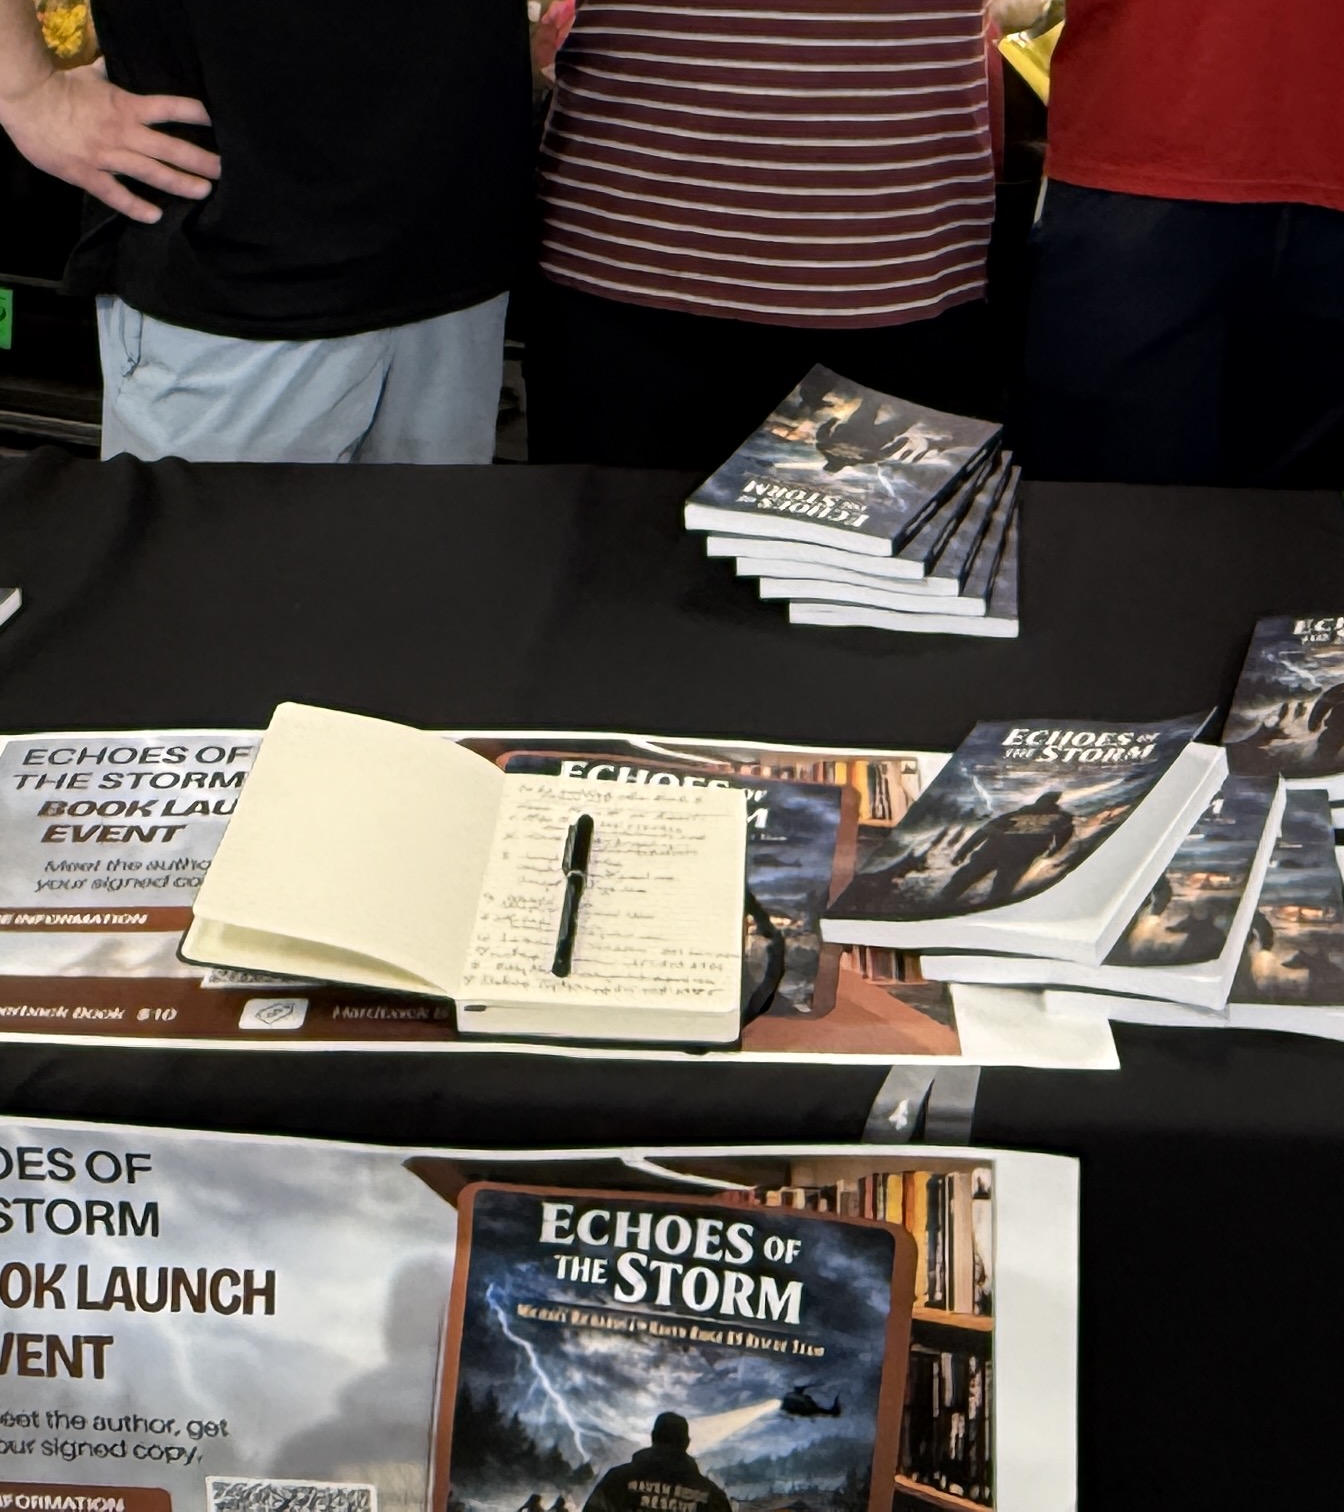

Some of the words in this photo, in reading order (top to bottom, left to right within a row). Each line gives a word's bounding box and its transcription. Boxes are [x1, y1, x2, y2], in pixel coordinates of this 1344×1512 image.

[1002, 728, 1136, 748] ECHOES
[22, 745, 189, 767] ECHOES
[195, 745, 253, 765] OF
[1036, 743, 1158, 763] STORM
[13, 772, 91, 791] THE
[97, 771, 248, 790] STORM
[37, 799, 155, 818] BOOK
[160, 798, 239, 817] LAU
[40, 824, 188, 844] EVENT
[146, 857, 212, 872] autho
[85, 1150, 153, 1185] OF
[539, 1201, 755, 1266] ECHOES
[762, 1235, 803, 1265] OF
[76, 1264, 277, 1316] LAUNCH
[553, 1254, 609, 1285] THE
[613, 1251, 804, 1325] STORM
[45, 1409, 86, 1431] the
[91, 1412, 182, 1438] author,
[186, 1417, 228, 1439] get
[40, 1436, 127, 1461] signed
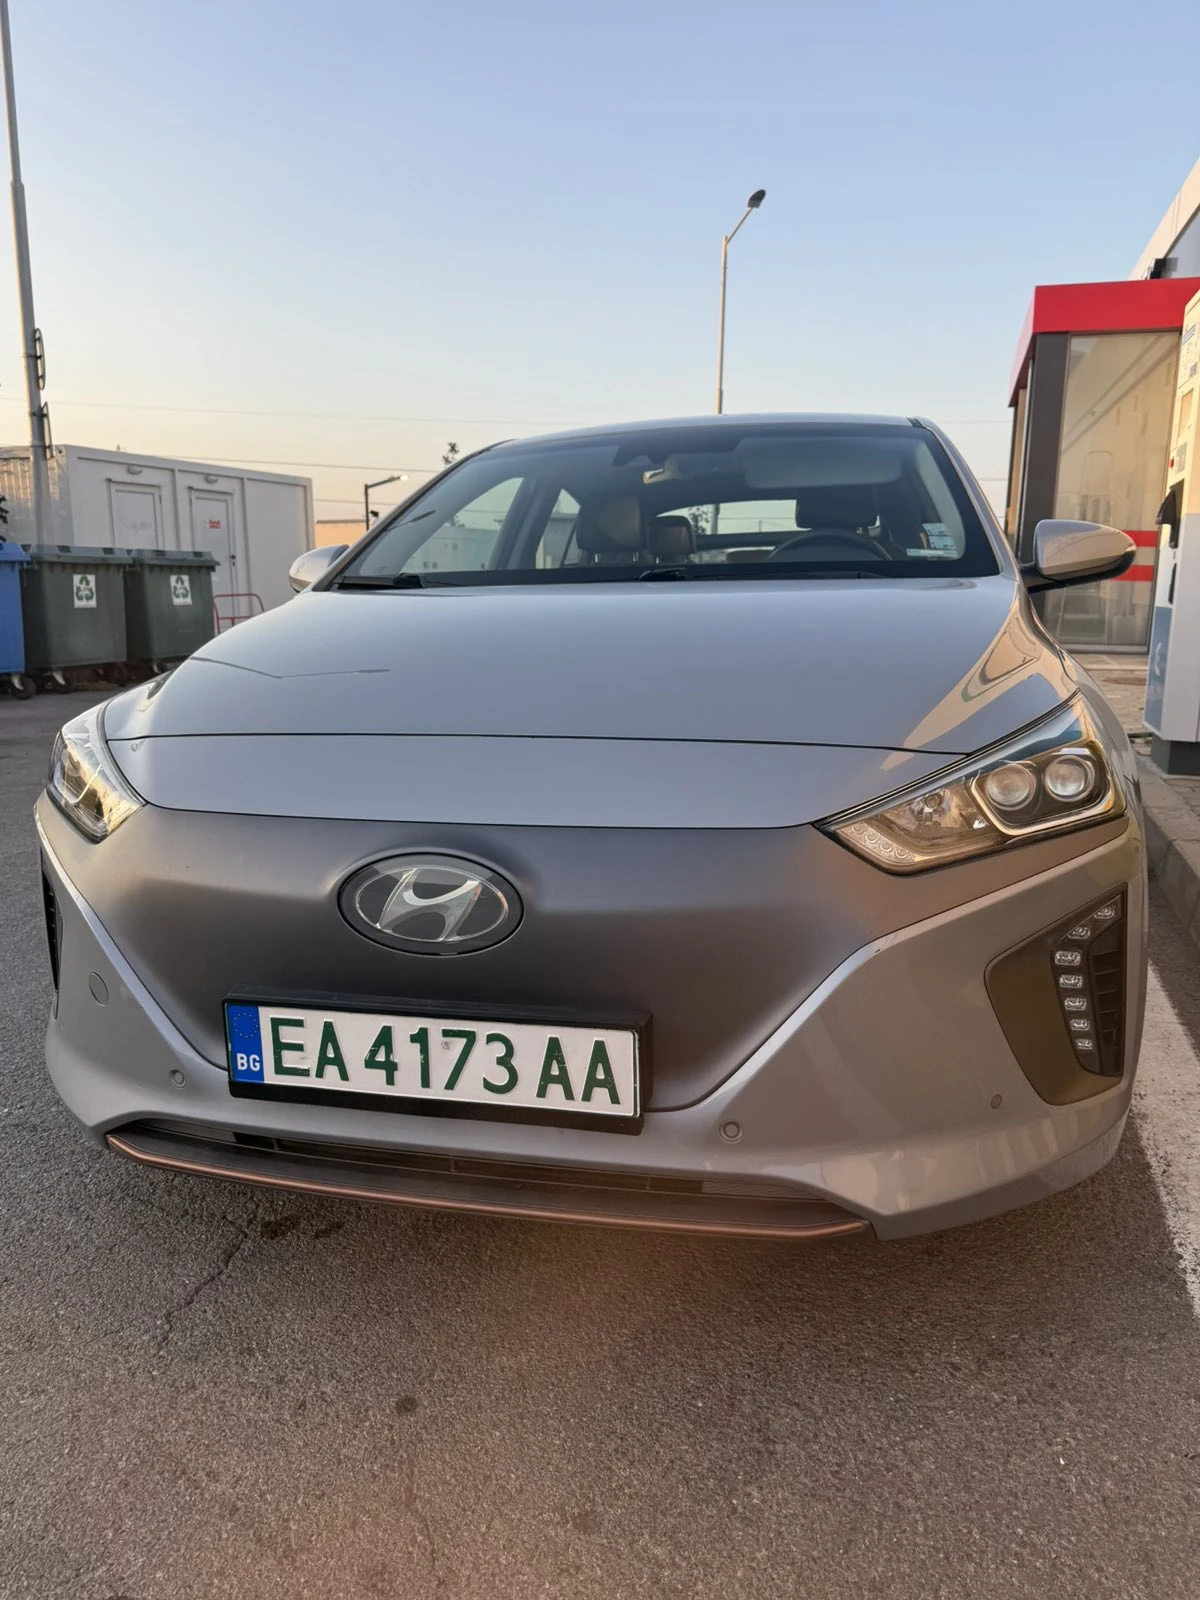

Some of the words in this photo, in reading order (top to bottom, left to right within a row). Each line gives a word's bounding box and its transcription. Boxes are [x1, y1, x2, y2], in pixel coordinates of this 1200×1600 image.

[236, 1053, 261, 1072] BG
[269, 1016, 350, 1082] EA
[364, 1024, 519, 1095] 4173
[536, 1036, 621, 1105] AA

———

- _The problem_: Word for word, give the data above again, without any images.

- _Worked solution_:
Some of the words in this photo, in reading order (top to bottom, left to right within a row). Each line gives a word's bounding box and its transcription. Boxes are [x1, y1, x2, y2], in pixel coordinates of this 1344×1512 image.

[1002, 728, 1136, 748] ECHOES
[22, 745, 189, 767] ECHOES
[195, 745, 253, 765] OF
[1036, 743, 1158, 763] STORM
[13, 772, 91, 791] THE
[97, 771, 248, 790] STORM
[37, 799, 155, 818] BOOK
[160, 798, 239, 817] LAU
[40, 824, 188, 844] EVENT
[146, 857, 212, 872] autho
[85, 1150, 153, 1185] OF
[539, 1201, 755, 1266] ECHOES
[762, 1235, 803, 1265] OF
[76, 1264, 277, 1316] LAUNCH
[553, 1254, 609, 1285] THE
[613, 1251, 804, 1325] STORM
[45, 1409, 86, 1431] the
[91, 1412, 182, 1438] author,
[186, 1417, 228, 1439] get
[40, 1436, 127, 1461] signed

Some of the words in this photo, in reading order (top to bottom, left to right within a row). Each line gives a word's bounding box and its transcription. Boxes are [x1, y1, x2, y2], in pixel coordinates of this 1200×1600 image.

[236, 1053, 261, 1072] BG
[269, 1016, 350, 1082] EA
[364, 1024, 519, 1095] 4173
[536, 1036, 621, 1105] AA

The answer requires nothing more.